(Work request):
Write out each record below exactly as it appears, with no pictures.

· · · · · · ·

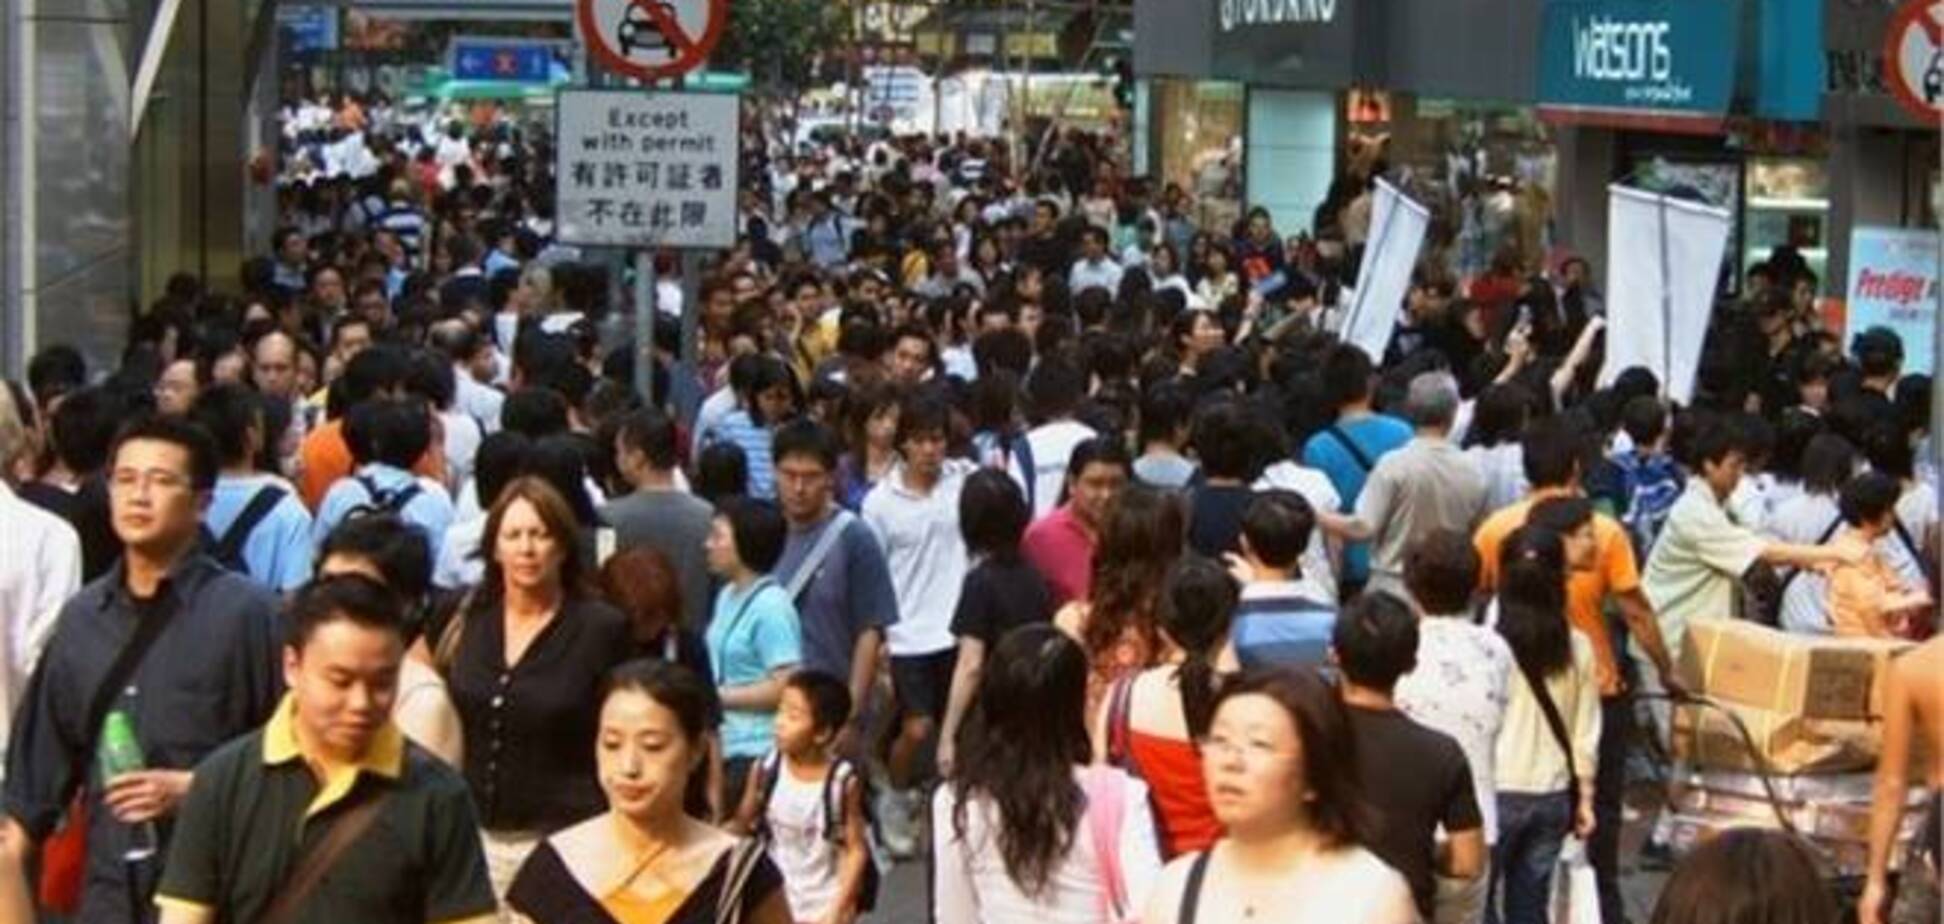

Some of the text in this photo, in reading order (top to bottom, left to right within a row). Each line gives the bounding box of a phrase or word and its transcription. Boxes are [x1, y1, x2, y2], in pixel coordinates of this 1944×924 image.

[608, 106, 689, 129] Except
[582, 131, 715, 153] with permit
[586, 199, 708, 228] 不在此限
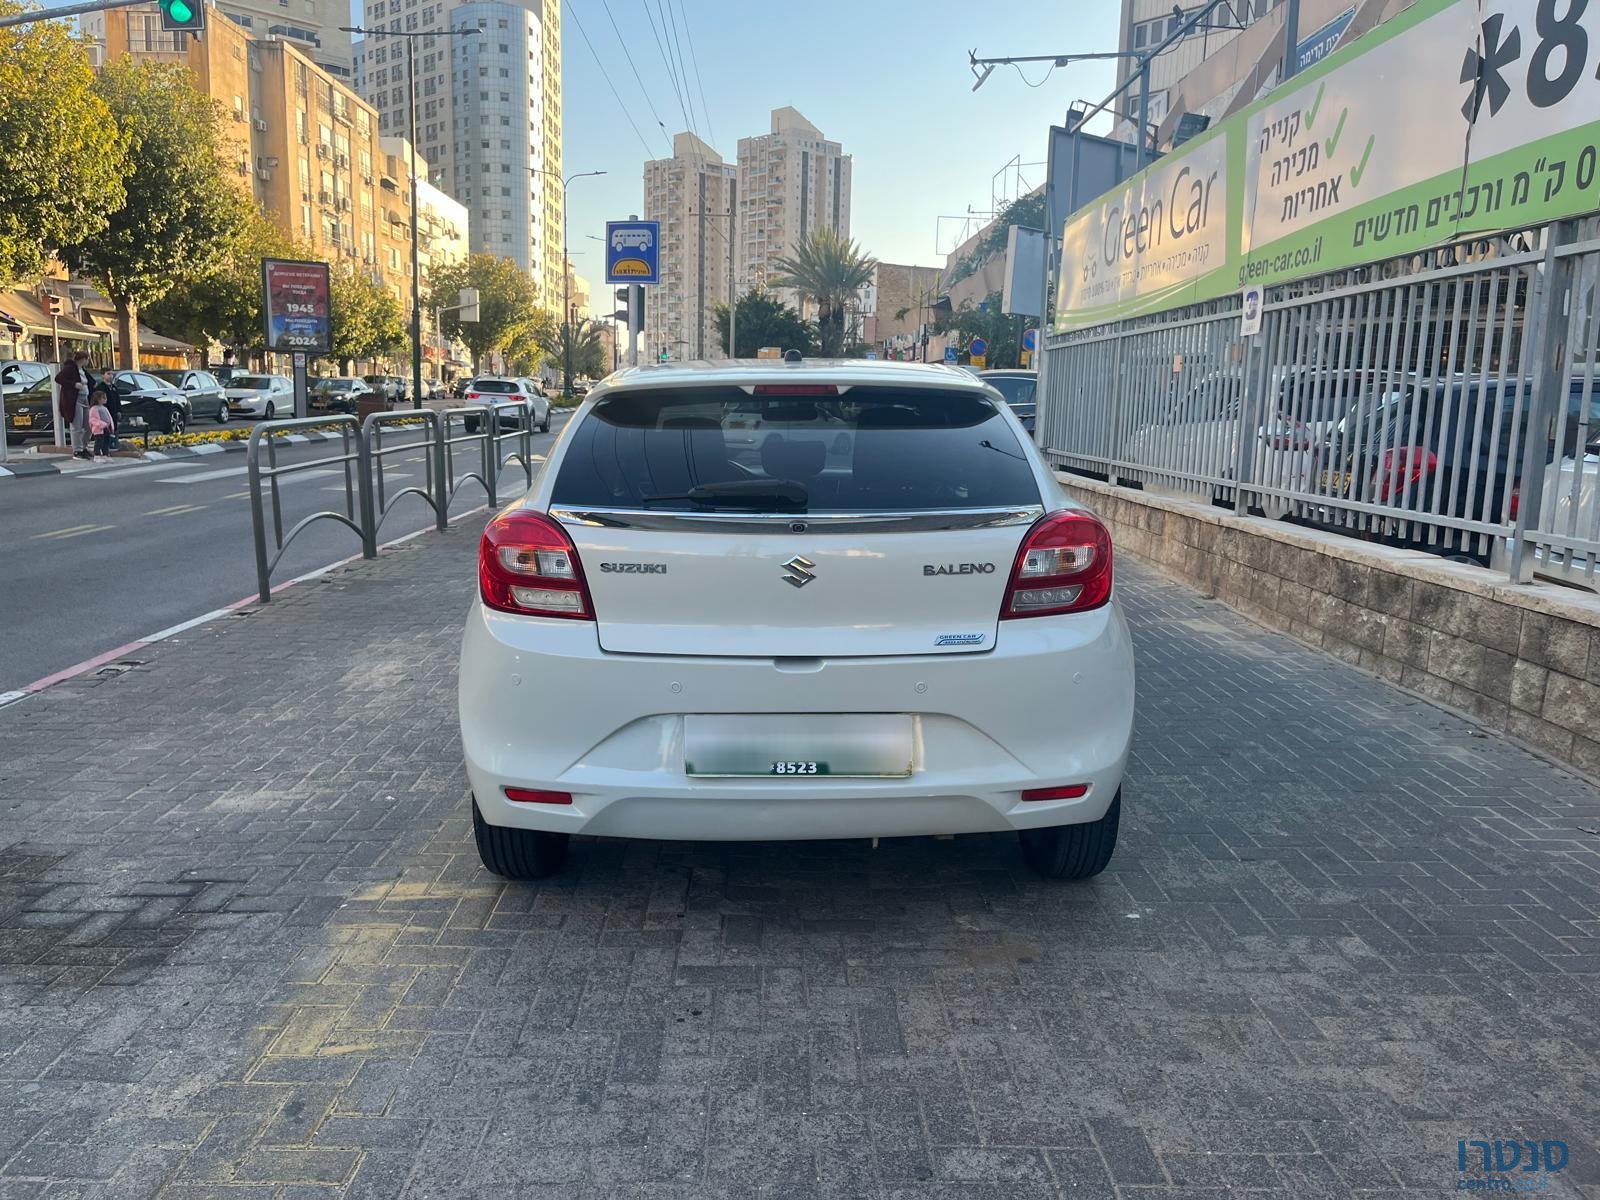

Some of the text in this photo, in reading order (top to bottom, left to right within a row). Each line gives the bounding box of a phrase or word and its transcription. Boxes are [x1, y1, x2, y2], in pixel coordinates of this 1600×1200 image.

[1300, 42, 1324, 67] קדימה
[1260, 110, 1301, 154] קנייה
[1271, 141, 1319, 188] מכירה
[1104, 166, 1218, 267] Green Car
[1281, 174, 1343, 223] אחריות
[1425, 178, 1503, 228] ורכבים
[1353, 204, 1419, 247] חדשים
[1238, 235, 1323, 286] green-car.co.il
[286, 303, 314, 313] 1945
[288, 336, 318, 346] 2024
[600, 562, 667, 574] SUZUKI
[923, 562, 995, 576] BALENO

· · · · · · ·

(Answer box):
Some of the text in this photo, in reading order (top to bottom, left to right within a row). Each line gives the bounding box of a phrase or word and its transcription. Boxes are [x1, y1, x2, y2], in pixel coordinates of this 1944×924 image.

[608, 106, 689, 129] Except
[582, 131, 715, 153] with permit
[586, 199, 708, 228] 不在此限

Some of the text in this photo, in reading order (top to bottom, left to right within a row). Each line gives the bounding box of a phrase or word and its transcription. Boxes are [x1, y1, x2, y2], in pixel coordinates of this 1600×1200 image.

[1300, 42, 1324, 67] קדימה
[1260, 110, 1301, 154] קנייה
[1271, 141, 1319, 188] מכירה
[1104, 166, 1218, 267] Green Car
[1281, 174, 1343, 223] אחריות
[1425, 178, 1503, 228] ורכבים
[1353, 204, 1419, 247] חדשים
[1238, 235, 1323, 286] green-car.co.il
[286, 303, 314, 313] 1945
[288, 336, 318, 346] 2024
[600, 562, 667, 574] SUZUKI
[923, 562, 995, 576] BALENO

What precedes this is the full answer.